0.1.0-beta.12 — 2026-03-18

NativeModule trait, standard library, proc-macros.

Features

• NativeModule trait — Modular native function registration. Each stdlib group implements NativeModule.
• achronyme-std crate — 16 new native functions: type conversion, math utilities, extended strings, I/O (feature-gated).
• #[ach_native] / #[ach_module] proc-macros — Automatic NativeFn wrapper generation with arity checks and type-safe argument extraction.
• FromValue / IntoValue traits — Type-safe conversion between VM Value and Rust types.

0.1.0-beta.11 — 2026-03-16

Project manifest, ach init command.

Features

• achronyme.toml — Project configuration with walk-up directory search. Supports [project], [circuit], and [output] sections.
• ach init — Interactive project scaffolding.
• Config resolution — CLI flags > TOML > defaults.

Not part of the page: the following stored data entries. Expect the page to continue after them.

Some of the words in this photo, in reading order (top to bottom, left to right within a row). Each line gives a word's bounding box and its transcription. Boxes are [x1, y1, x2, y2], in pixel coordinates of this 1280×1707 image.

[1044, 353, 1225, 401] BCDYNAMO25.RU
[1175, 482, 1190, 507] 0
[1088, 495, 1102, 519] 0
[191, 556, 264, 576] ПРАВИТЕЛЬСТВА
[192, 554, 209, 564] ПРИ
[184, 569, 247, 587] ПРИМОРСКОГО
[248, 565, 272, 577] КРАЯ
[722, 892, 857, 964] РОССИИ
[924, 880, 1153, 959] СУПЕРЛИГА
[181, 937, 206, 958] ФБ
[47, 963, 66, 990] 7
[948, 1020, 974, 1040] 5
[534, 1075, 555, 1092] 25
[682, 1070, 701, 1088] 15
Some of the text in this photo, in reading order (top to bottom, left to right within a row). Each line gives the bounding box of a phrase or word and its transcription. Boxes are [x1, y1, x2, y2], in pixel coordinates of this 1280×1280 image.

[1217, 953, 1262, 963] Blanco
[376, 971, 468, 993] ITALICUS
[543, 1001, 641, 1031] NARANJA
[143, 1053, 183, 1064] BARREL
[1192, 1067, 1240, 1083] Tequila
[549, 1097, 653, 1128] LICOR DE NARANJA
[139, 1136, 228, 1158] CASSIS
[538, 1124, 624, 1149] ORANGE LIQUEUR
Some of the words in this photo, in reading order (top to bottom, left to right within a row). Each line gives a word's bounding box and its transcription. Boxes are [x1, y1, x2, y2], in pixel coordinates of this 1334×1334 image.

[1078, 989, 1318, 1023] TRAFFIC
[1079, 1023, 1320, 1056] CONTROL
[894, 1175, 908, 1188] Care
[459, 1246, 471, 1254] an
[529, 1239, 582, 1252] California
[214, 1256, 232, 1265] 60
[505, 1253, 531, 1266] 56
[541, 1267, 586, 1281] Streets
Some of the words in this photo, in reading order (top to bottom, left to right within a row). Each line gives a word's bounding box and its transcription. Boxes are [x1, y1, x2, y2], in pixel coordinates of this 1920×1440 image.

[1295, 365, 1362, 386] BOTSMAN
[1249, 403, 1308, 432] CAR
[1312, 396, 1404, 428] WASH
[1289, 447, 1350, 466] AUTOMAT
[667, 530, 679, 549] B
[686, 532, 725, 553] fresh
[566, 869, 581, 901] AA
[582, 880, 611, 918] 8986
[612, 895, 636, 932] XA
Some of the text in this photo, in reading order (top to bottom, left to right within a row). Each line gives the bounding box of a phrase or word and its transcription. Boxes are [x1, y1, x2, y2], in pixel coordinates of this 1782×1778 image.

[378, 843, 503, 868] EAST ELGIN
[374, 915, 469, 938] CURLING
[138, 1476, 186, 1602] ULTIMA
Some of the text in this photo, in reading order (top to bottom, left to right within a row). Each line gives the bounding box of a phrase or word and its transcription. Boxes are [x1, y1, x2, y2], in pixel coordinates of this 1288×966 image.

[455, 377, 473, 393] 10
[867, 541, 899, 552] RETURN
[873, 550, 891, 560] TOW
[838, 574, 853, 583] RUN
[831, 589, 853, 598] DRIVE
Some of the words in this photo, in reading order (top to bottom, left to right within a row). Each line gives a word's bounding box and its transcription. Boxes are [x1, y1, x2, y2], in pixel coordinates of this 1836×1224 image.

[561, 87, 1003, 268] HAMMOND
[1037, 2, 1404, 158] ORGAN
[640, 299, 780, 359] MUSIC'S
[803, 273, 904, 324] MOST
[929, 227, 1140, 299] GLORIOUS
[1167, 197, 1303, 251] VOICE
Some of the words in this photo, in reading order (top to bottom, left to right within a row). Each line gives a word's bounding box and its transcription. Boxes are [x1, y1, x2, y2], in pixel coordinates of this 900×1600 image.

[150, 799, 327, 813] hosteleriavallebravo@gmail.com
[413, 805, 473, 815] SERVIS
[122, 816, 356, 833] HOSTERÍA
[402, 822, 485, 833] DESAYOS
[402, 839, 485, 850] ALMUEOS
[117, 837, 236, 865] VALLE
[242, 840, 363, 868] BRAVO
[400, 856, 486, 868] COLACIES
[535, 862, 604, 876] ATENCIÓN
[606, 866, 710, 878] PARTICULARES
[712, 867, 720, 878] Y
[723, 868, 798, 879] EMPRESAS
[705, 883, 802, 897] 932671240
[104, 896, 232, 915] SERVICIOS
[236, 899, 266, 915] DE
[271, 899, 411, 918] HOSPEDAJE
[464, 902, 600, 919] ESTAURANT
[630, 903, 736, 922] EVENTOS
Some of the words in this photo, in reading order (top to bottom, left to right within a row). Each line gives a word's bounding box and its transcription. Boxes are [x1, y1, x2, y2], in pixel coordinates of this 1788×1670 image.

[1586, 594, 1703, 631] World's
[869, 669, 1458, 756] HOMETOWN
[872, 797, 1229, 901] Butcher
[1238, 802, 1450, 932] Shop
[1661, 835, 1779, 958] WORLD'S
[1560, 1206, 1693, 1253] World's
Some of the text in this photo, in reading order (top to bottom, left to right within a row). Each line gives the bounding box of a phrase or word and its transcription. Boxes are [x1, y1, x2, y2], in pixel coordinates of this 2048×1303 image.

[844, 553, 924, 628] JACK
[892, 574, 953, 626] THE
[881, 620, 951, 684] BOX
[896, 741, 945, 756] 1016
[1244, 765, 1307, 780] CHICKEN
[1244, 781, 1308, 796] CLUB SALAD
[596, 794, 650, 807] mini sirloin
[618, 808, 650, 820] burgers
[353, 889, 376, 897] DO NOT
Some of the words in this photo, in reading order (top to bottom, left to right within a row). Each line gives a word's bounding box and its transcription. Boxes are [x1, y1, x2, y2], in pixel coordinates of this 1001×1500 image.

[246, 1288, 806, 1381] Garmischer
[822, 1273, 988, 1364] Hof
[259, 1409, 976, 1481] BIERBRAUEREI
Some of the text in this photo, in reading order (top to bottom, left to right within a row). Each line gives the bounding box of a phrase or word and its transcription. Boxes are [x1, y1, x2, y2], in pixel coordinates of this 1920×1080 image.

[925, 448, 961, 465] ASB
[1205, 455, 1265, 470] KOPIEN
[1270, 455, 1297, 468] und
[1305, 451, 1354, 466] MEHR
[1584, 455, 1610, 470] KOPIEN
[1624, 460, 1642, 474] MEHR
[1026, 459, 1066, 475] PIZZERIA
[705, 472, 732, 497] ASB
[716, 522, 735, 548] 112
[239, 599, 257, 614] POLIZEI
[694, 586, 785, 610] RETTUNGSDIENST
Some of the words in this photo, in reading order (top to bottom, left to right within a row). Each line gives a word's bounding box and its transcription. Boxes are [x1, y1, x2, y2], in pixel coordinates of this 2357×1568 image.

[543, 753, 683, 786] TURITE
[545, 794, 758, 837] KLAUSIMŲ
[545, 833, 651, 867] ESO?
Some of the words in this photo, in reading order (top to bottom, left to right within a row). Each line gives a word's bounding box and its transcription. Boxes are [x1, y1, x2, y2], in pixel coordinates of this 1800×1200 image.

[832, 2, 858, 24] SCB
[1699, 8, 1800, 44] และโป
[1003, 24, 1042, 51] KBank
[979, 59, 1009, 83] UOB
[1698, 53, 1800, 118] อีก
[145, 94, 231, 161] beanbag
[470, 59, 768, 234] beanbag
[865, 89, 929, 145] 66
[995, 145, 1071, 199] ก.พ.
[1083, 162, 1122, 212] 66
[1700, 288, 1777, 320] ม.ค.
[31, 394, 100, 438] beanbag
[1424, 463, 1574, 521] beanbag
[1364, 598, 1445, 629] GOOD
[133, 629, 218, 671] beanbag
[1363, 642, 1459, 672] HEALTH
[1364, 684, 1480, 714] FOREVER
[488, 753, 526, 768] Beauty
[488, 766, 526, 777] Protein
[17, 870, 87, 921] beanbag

0.1.0-beta.10 — 2026-03-16

Plonkish lookup fix, W003 warning.

Bug Fix

• Plonkish range_check and IsLtBounded now generate real KZG proofs. Migrated from meta.selector() to meta.fixed_column() + meta.lookup_any().

Features

• W003 warning — Warns when comparisons remain unbounded (~761 constraints) with range_check suggestion.

0.1.0-beta.9 — 2026-03-15

R1CS export fix, IsLtBounded optimization.

Security Fix

• R1CS export: write_lc() simplifies LinearCombinations before serialization (fixes snarkjs wtns check failures).

Features

• IsLtBounded optimization — bound_inference pass rewrites comparisons when operands have proven bitwidth. 761 constraints down to 66 for 64-bit comparisons.

Benchmark

0.1.0-beta.3 — 2026-03-04

Zero-panic hardening, architecture refactoring.

Security (16 fixes)

All .unwrap() and panic! paths replaced with Result propagation across compiler, VM, memory, and constraint backends.

Architecture (13 refactors)

Monolithic files split into focused submodules: vm.rs, field.rs, parser.rs, poseidon.rs, plonkish_backend.rs, lower.rs, eval.rs, Arena<T>.